Find the equation of the plane tangent to \(\displaystyle z=3\sin(x)+2\cos(y)\) at the point \(\displaystyle (\frac{\pi}{2},\frac{\pi}{6})\)

Possible Answers:

\(\displaystyle z=y-\frac{\pi}{6}\)

\(\displaystyle z=-y+\frac{\pi}{6}+3+\sqrt3\)

\(\displaystyle z=x-\frac{\pi}{3}+3+\sqrt3\)

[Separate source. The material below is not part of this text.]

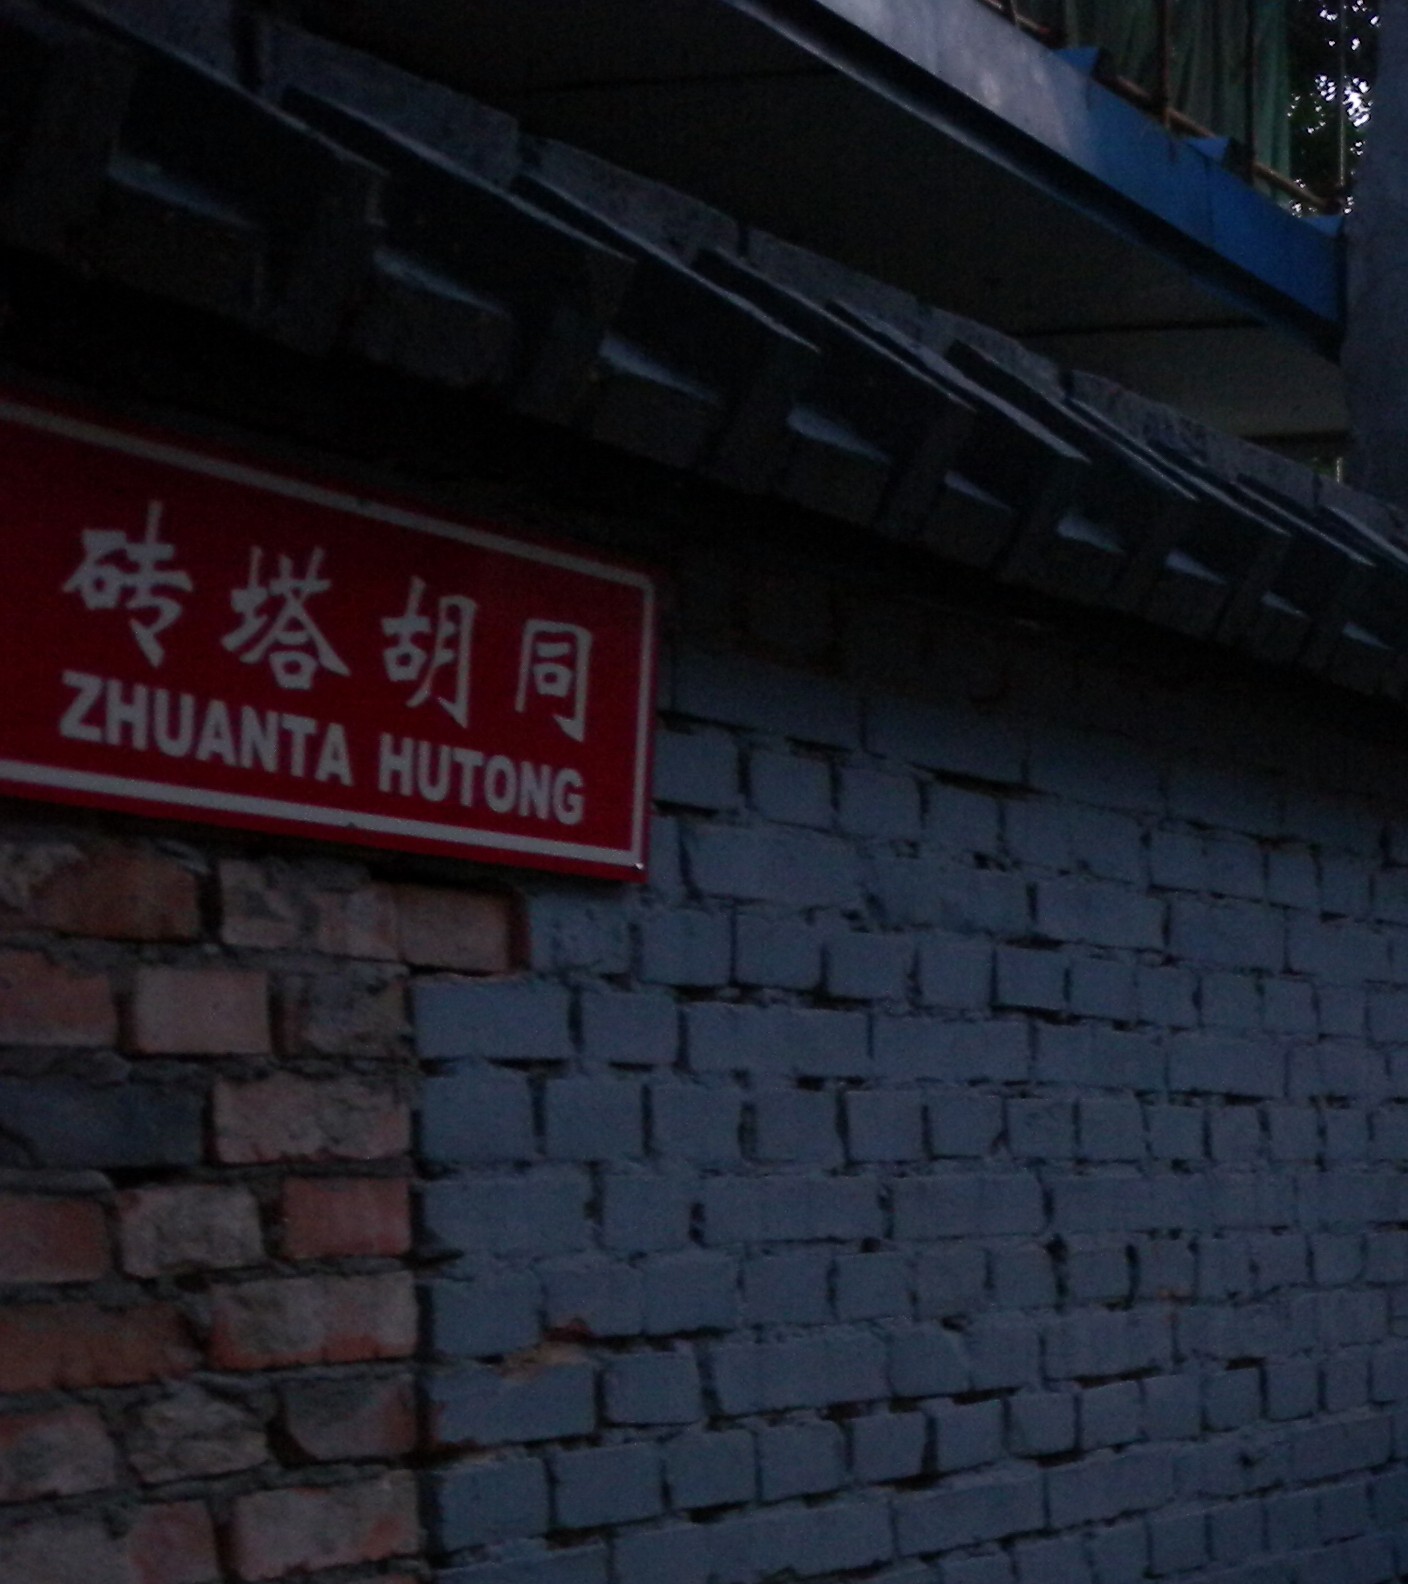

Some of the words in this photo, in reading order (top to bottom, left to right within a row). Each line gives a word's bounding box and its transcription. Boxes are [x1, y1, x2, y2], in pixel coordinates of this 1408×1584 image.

\(\displaystyle z=y-\frac{\pi}{3}+2+\sqrt3\)

Correct answer:

\(\displaystyle z=-y+\frac{\pi}{6}+3+\sqrt3\)

Explanation:

To find the equation of the tangent plane, we find: \(\displaystyle f_x,f_y,z_0\) and evaluate \(\displaystyle f_x, f_y\) at the point given. \(\displaystyle f_x=\frac{\partial }{\partial x}(3\sin(x)+2(\cos(y))=3\cos(x)\)\(\displaystyle f_y=\frac{\partial }{\partial y}(3\sin(x)+2\cos(y))=-2\sin(y)\), and \(\displaystyle z_0=3\sin(\frac{\pi}{2})+2\cos(\frac{\pi}{6})=3+\sqrt3\). Evaluating \(\displaystyle f_x, f_y\) at the point \(\displaystyle (\frac{\pi}{2},\frac{\pi}{6})\) gets us \(\displaystyle f_x=0, f_y=-1\). We then plug these values into the formula for the tangent plane: \(\displaystyle z-z_0=f_x(x_0,y_0)(x-x_0)+f_y(x_0,y_0)(y-y_0)\). We then get \(\displaystyle z-(3+\sqrt3)=0(x-\frac{\pi}{2})+-1(y-\frac{\pi}{6})\). The equation of the plane then becomes, through algebra, \(\displaystyle z=-y+\frac{\pi}{6}+3+\sqrt3\)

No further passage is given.